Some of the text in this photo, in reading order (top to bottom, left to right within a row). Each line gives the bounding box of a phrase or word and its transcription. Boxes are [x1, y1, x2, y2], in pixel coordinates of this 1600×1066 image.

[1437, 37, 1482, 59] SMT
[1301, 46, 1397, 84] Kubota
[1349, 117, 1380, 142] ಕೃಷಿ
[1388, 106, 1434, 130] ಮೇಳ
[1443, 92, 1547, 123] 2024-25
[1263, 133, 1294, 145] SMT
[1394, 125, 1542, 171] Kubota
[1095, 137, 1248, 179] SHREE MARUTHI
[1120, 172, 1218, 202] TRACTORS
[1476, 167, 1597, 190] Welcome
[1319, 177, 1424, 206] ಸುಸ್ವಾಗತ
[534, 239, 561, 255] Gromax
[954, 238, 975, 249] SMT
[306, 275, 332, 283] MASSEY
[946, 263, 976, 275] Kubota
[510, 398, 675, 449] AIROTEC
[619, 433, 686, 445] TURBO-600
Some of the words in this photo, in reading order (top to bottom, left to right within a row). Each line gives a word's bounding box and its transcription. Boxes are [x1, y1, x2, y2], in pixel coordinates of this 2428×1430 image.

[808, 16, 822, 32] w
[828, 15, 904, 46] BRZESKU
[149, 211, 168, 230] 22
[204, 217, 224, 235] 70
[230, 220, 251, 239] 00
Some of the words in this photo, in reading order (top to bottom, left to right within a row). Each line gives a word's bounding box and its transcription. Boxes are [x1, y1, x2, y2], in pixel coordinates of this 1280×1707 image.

-.-.-

» What the exercise asks: Would you reproduce the full listing without changing a single word?

» The answer:
Some of the text in this photo, in reading order (top to bottom, left to right within a row). Each line gives the bounding box of a phrase or word and its transcription. Boxes are [x1, y1, x2, y2], in pixel coordinates of this 1600×1066 image.

[1437, 37, 1482, 59] SMT
[1301, 46, 1397, 84] Kubota
[1349, 117, 1380, 142] ಕೃಷಿ
[1388, 106, 1434, 130] ಮೇಳ
[1443, 92, 1547, 123] 2024-25
[1263, 133, 1294, 145] SMT
[1394, 125, 1542, 171] Kubota
[1095, 137, 1248, 179] SHREE MARUTHI
[1120, 172, 1218, 202] TRACTORS
[1476, 167, 1597, 190] Welcome
[1319, 177, 1424, 206] ಸುಸ್ವಾಗತ
[534, 239, 561, 255] Gromax
[954, 238, 975, 249] SMT
[306, 275, 332, 283] MASSEY
[946, 263, 976, 275] Kubota
[510, 398, 675, 449] AIROTEC
[619, 433, 686, 445] TURBO-600
Some of the words in this photo, in reading order (top to bottom, left to right within a row). Each line gives a word's bounding box and its transcription. Boxes are [x1, y1, x2, y2], in pixel coordinates of this 2428×1430 image.

[808, 16, 822, 32] w
[828, 15, 904, 46] BRZESKU
[149, 211, 168, 230] 22
[204, 217, 224, 235] 70
[230, 220, 251, 239] 00
Some of the words in this photo, in reading order (top to bottom, left to right within a row). Each line gives a word's bounding box and its transcription. Boxes are [x1, y1, x2, y2], in pixel coordinates of this 1280×1707 image.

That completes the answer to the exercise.